È stato diffuso di recente il Rapporto sull’antisemitismo in Italia nel 2016 dell’Osservatorio antisemitismo della Fondazione Centro di Documentazione Ebraica Contemporanea – CDEC. L’archivio dell’Osservatorio possiede la più ricca biblioteca italiana di testi antisemiti (circa 500 volumi) pubblicati dal 1945 ad oggi. Certamente, se tale raccolta fosse per davvero completa, servirebbe – verrebbe da dire – una superficie non inferiore a quella del deserto del Sahara per ospitare i testi dei molti che, invocando ideali supremi, finiscono per indulgere nel Jew bashing (colpisci l’ebreo), in tutte le sue molteplici varietà.

Nella relazione si asserisce che in un clima di insicurezza sociale aumenta anche il disorientamento informativo, per poi soffermare l’attenzione non tanto sugli atti di violenza di matrice xenofoba, ma piuttosto sulla diffusione di stereotipi antisemiti attraverso il web. Un fenomeno antico che, dotandosi di nuovi strumenti, volge in termini qualitativi l’incremento quantitativo.

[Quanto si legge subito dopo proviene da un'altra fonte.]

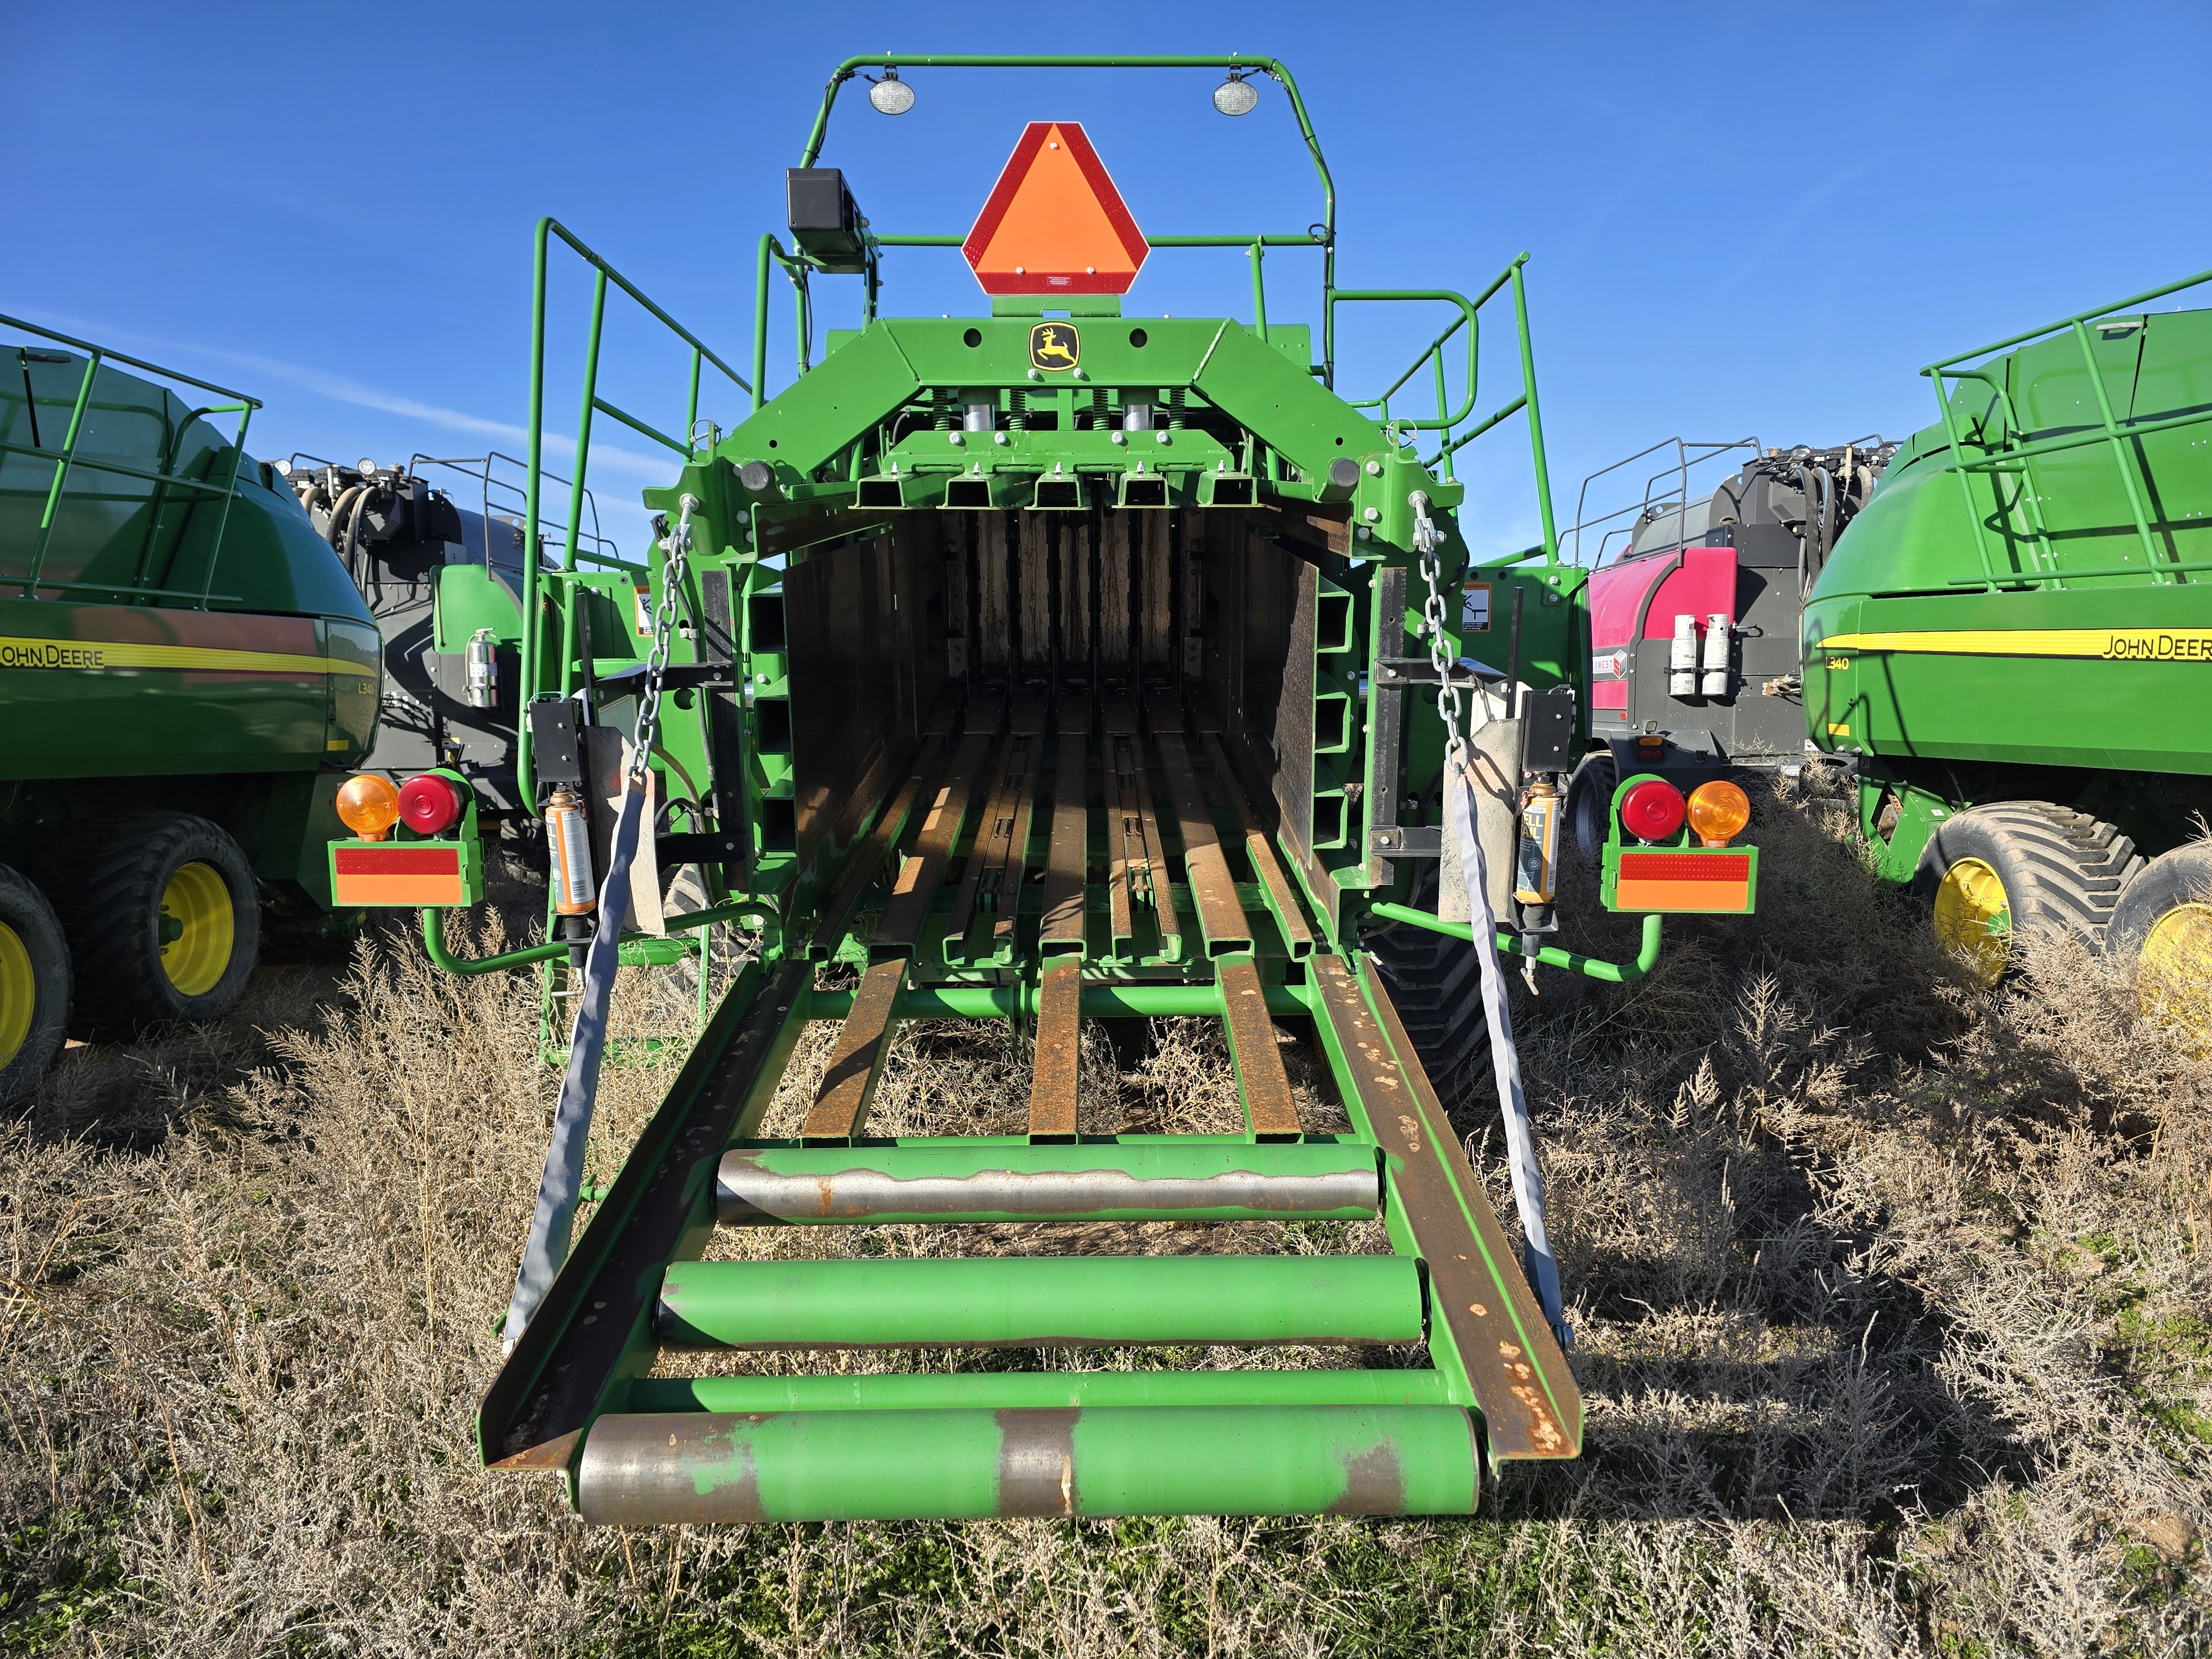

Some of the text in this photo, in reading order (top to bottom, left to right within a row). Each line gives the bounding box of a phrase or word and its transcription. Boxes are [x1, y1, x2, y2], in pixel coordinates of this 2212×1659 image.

[2104, 635, 2212, 656] JOHN DEER
[2, 644, 105, 666] OHN DEERE
[1825, 656, 1850, 670] L340
[1594, 660, 1613, 669] IWEST

Si apprende che ogni 83 secondi viene pubblicato sul web (social network, siti internet, forum, blog) un post antisemita, per un totale di quasi 400.000 post antisemiti nel solo 2016, in tutte le lingue. Fanno ritorno gli stereotipi antiebraici di stampo nazista e si assiste alla contemporanea negazione o minimizzazione della Shoah, che rivela senza dubbio un minore rispetto della memoria in confronto agli anni passati, accompagnate da immagini che richiamano spudoratamente gli stereotipi nazisti (dall’accusa del potere ebraico, al dominio del mondo, all’accusa di complottismo).

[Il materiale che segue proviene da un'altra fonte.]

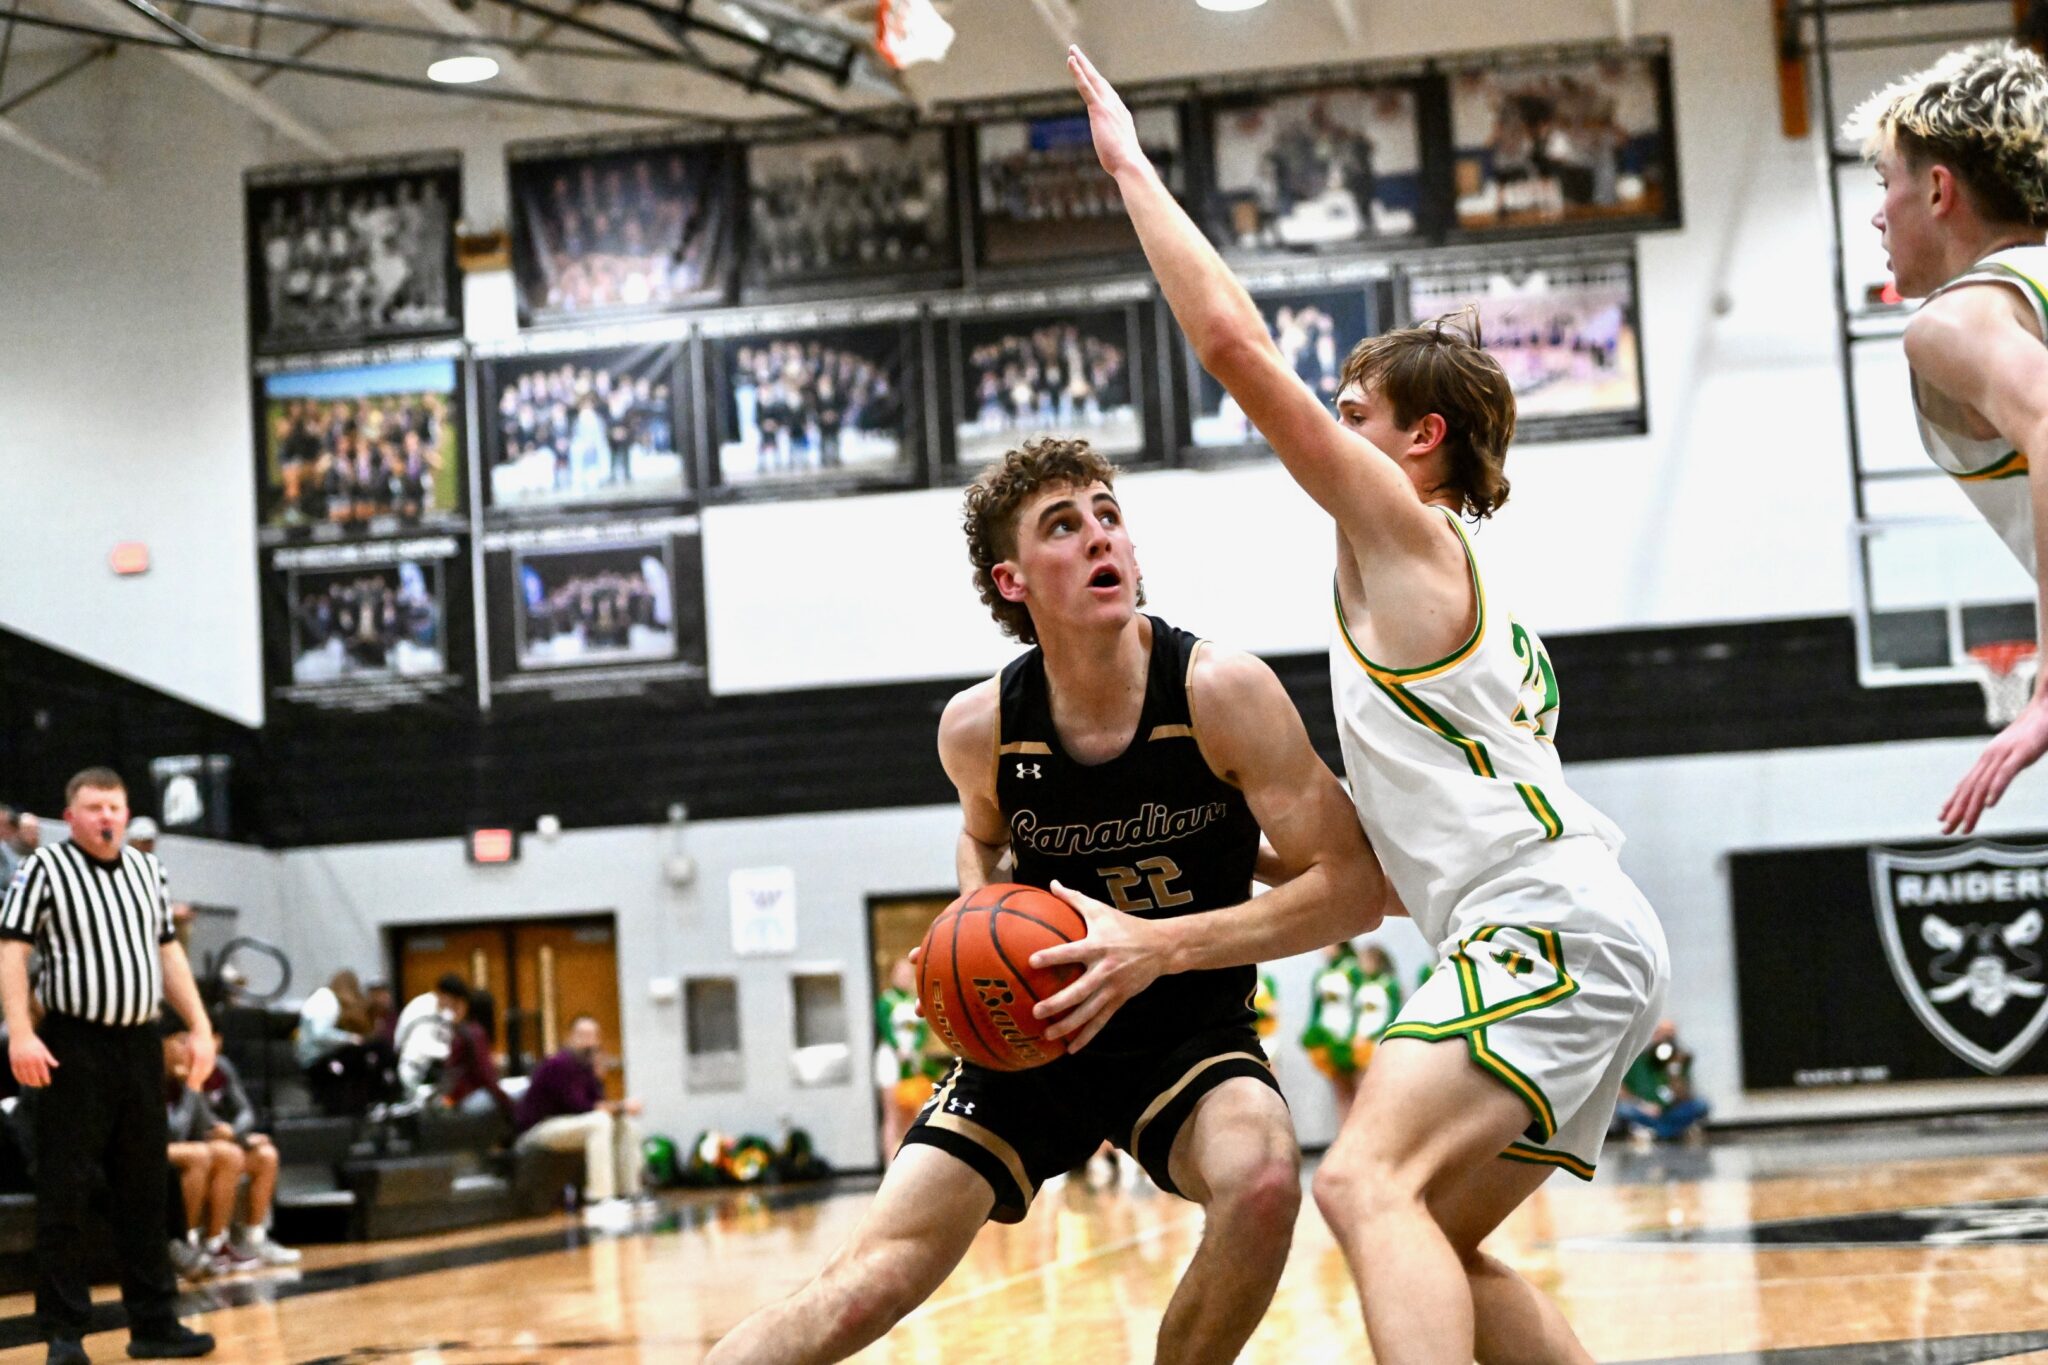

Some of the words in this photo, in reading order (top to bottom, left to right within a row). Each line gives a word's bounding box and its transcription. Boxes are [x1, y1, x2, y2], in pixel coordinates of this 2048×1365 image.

Proprio questo giornale ha denunciato, nel 2012, la comparsa di tale fenomeno nei gruppi neonazisti. Appare inquietante che siffatta deriva colpisca ormai, indistintamente, frange di destra e di sinistra, che politicamente si ritrovano allineate nella propaganda antiebraica e la trivializzazione trova la sua libera espressione nelle affermazioni razziste e antisemitiche negli stadi e sui muri delle città.

Un salto di qualità nel deterioramento, che si ritrova anche nella propaganda anti-israeliana, che quest’anno ha raggiunto una virulenza senza precedenti. Si ribalta la storia del nazismo sulla politica dello Stato d’Israele, con la sua più paradossale espressione nel tentativo di boicottaggio (anche accademico e culturale) che va sotto la sigla “BDS-Boicottaggio, Disinvestimento e Sanzioni”, che ha appena raccolto l’endorsement dell’organizzazione terroristica Hamas e che è curiosamente rivolto solo nei confronti dello Stato d’Israele, mentre rimane indifferente alle violazioni dei diritti umani del resto del mondo.

L’allora primo ministro italiano Matteo Renzi definì questo fenomeno, “sterile e stupido”.

Non a caso, il 2016 è stato definito l’anno della post verità: l’Oxford Dictionary, ha scelto come “parola internazionale dell’anno” la cosiddetta “post-truth”, un sostantivo che riguarda le circostanze in cui i fatti obiettivi (e la storia, aggiungiamo noi) sono meno influenti sull’opinione pubblica dei richiami alle emozioni e alle credenze personali. Ignoranza, indifferenza e pregiudizio fanno da sfondo ed alimentano queste forme di post verità.

Il Rapporto, alquanto chiaro e per nulla sbilanciato, andrebbe letto; proprio perché scioccante nella sua impersonale descrizione, potrebbe far davvero riflettere. Ilya Ehrenburg sosteneva che avrebbe continuato a professarsi ebreo finché al mondo fosse rimasto anche un solo antisemita; se fosse dipeso da quanto emerge da questo rapporto, sarebbe rimasto ebreo molto a lungo.